Aboriginal and Torres Strait Islander peak organisations, legal services and human rights organisations have slammed the decision of the Morrison Government and Pauline Hanson’s One Nation Party, with the abstention of the Centre Alliance in the Senate giving the government the numbers, to pass its Cashless Debit Card legislation and continue punitive, discriminatory and harmful scheme.
The amendments do nothing to improve the lives of people on social security payments in the Northern Territory. Instead they will only create confusion and continue paternalistic compulsory income control in the Northern Territory, but now with two concurrent schemes – the Basics Card and the Cashless Debit Card.
We collectively condemn the decision as a step backwards when it comes to aspirations of Closing the Gap, and a disappointing reflection of the long way we have to go before First Nations voices and the wishes and experiences of Aboriginal and Torres Strait Islander communities are heard by decision-makers in Parliament House.
Cheryl Axleby, Change The Record Co-Chair:
“For thirteen years compulsory income management has denied Aboriginal and Torres Strait Islander peoples the same basic rights as everyone else – to make decisions about their own money, and their own lives.
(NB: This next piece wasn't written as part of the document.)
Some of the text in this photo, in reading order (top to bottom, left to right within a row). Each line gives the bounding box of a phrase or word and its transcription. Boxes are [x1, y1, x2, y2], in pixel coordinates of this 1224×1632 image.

It is devastating to have this legacy of paternalistic and discriminatory policy-making continued with the Cashless Debit Card. We call on the Morrison Government, Centre Alliance and all members of Parliament to start walking the walk if they are genuine about Closing the Gap, and start listening to First Nations peoples and our communities.”
Priscilla Atkins, NATSILS Co-Chair:
“The fact that the racially discriminatory Cashless Debit Card Bill was continued without conclusive evidence of its effectiveness, following a completely inadequate consultation process is deeply concerning. This Bill will have harmful and damaging consequences for our people, is in direct conflict with the Closing the Gap agreement and should have been abolished in favour of Aboriginal community-controlled and led solutions and services.”
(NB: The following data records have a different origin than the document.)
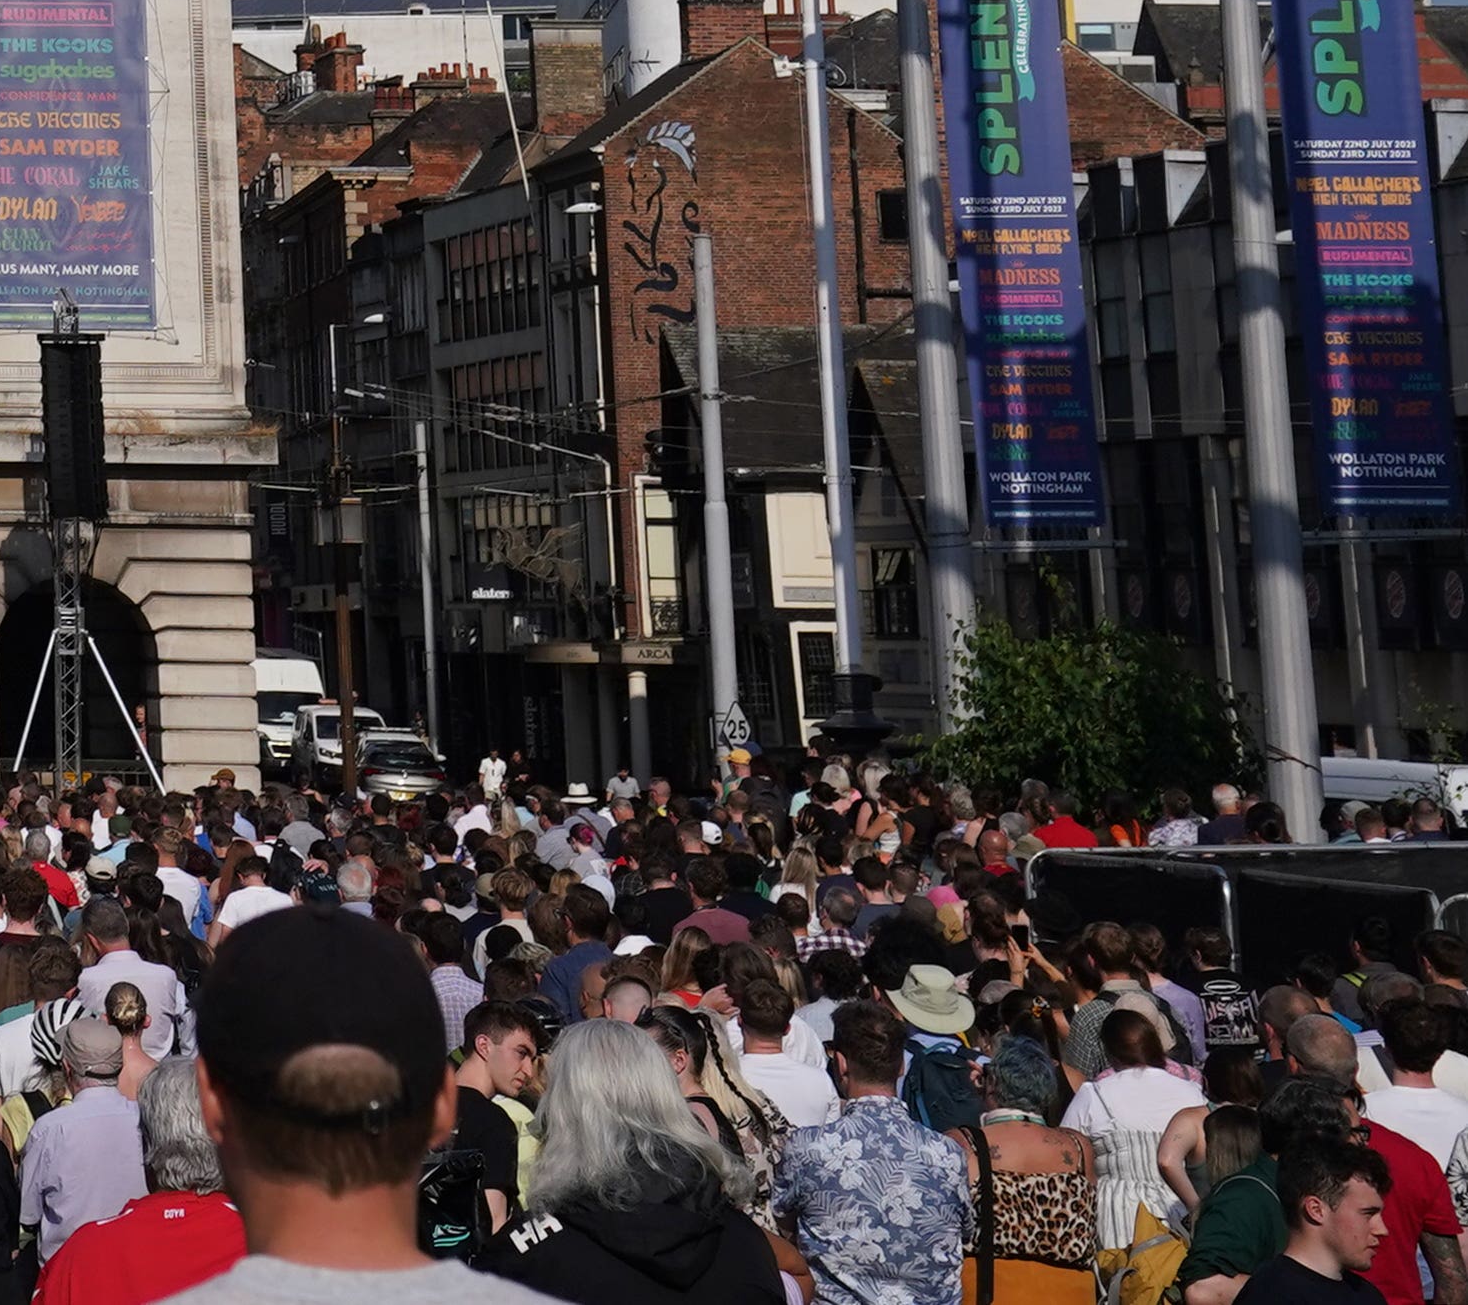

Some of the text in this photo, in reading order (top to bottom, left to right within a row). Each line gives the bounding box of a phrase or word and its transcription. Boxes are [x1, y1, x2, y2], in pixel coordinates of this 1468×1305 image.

[3, 8, 108, 20] RUDIMENTAL
[0, 38, 114, 54] THE KOOKS
[0, 58, 115, 83] sugababes
[0, 91, 118, 102] CONFIDENCE MAN
[36, 111, 122, 129] VACCINES
[52, 139, 121, 156] RYDER
[1293, 139, 1417, 149] SATURDAY 22ND JULY 2023
[1300, 150, 1411, 159] SUNDAY 23RD JULY 2023
[24, 165, 82, 188] CORAL
[97, 165, 130, 177] JAKE
[88, 178, 139, 189] SHEARS
[1332, 176, 1422, 193] GALLAGHER'S
[959, 197, 1002, 205] SATURDAY
[1312, 193, 1412, 205] HIGH FLYING BIRDS
[1315, 222, 1410, 241] MADNESS
[1323, 250, 1408, 262] RUDIMENTAL
[20, 264, 60, 277] MANY,
[61, 265, 100, 276] MANY
[102, 265, 140, 276] MORE
[979, 268, 1061, 286] MADNESS
[1323, 274, 1414, 286] THE KOOKS
[75, 285, 149, 297] NOTTINGHAM
[1013, 314, 1064, 326] KOOKS
[1327, 352, 1423, 366] SAM RYDER
[989, 383, 1022, 396] SAM
[1330, 397, 1378, 416] DYLAN
[992, 422, 1033, 440] DYLAN
[1329, 452, 1447, 465] WOLLATON PARK
[989, 471, 1092, 482] WOLLATON PARK
[1340, 465, 1437, 478] NOTTINGHAM
[1000, 483, 1084, 494] NOTTINGHAM
[727, 719, 746, 740] 25
[509, 1212, 564, 1254] HH
Nolan Hunter, Amnesty International Australia Indigenous Rights Lead:
“It’s hard to understand how we will ever get closer to First Nations people having their human rights respected when governments continue to treat us like second-class citizens. The CDC is dehumanising and attempts, unsuccessfully, to treat the symptoms of colonialism and dispossession.
“What we need from Government is to trust Aboriginal and Torres Strait Islanders to know what’s best for us and to support us in community-led solutions.”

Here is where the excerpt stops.